First, \(f(x) = 0\) for all \(x\) is clearly a solution. For the rest of this solution, assume there exists \(c\) such that \(f(c) \neq 0\).

\(f\) is injective. To see this, suppose \(f(a) = f(b)\). Then:

\(P(0,c,a) \implies f(cf(a)) = af(c)\)

\(P(0,c,b) \implies f(cf(b)) = bf(c)\)

But \(f(a) = f(b)\), so \(af(c) = f(cf(a)) = f(cf(b)) = bf(c)\), or \(af(c) = bf(c)\). Since \(f(c) \neq 0\), we have \(a = b\).

\(P(0,0,0) \implies f(0) = 0\)

\(P(0,x,x) \implies f(xf(x)) = xf(x)\)

\(P(x,0,0) \implies f(x^2) = xf(x)\)

Thus \(f(x^2) = xf(x) = f(xf(x))\), or \(f(x^2) = f(xf(x))\). Since \(f\) is injective, we have \(x^2 = xf(x)\). For nonzero \(x\) this gives \(f(x) = x\). Conveniently, when \(x = 0\) the same also applies, so we get the only other solution \(f(x) = x\) for all \(x\).

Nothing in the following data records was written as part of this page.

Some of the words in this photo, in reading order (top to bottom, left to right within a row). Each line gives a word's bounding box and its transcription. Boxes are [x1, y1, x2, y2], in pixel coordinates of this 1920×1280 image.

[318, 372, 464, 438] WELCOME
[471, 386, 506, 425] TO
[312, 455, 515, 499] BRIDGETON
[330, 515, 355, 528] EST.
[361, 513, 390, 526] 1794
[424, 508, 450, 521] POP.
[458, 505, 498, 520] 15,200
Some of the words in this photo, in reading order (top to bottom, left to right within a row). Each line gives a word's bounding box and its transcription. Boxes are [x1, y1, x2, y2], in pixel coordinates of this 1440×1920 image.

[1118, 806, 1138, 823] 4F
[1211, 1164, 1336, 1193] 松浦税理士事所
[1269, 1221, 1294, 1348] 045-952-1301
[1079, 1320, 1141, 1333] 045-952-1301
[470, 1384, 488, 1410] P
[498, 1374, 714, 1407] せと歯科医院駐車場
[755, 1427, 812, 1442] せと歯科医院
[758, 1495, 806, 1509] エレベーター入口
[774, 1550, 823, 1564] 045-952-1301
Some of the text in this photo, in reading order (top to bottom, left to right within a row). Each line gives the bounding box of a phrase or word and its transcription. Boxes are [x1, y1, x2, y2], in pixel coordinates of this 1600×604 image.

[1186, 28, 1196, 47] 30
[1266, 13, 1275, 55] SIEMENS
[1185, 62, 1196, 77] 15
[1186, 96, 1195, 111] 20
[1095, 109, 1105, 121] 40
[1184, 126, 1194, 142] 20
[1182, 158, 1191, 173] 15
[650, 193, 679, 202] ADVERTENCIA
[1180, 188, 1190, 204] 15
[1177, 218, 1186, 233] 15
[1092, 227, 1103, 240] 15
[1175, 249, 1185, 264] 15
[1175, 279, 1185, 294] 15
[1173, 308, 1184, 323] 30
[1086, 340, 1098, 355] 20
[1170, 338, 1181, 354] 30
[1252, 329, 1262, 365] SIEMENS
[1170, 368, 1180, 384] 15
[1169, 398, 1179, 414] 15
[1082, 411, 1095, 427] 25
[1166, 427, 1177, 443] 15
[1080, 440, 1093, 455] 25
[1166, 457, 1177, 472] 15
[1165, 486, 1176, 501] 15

As you can see above, some functional equations are easily solved by simply substituting the right values. Occasionally, finding whether the function is injective/surjective also helps, especially when you have nested functions (function application inside function application). Sometimes you can also try ruling out the obvious answers so you can use a particular property (for example, say that all zero function works/doesn't work, so that for the rest of the problem you can assume there exists a nonzero value).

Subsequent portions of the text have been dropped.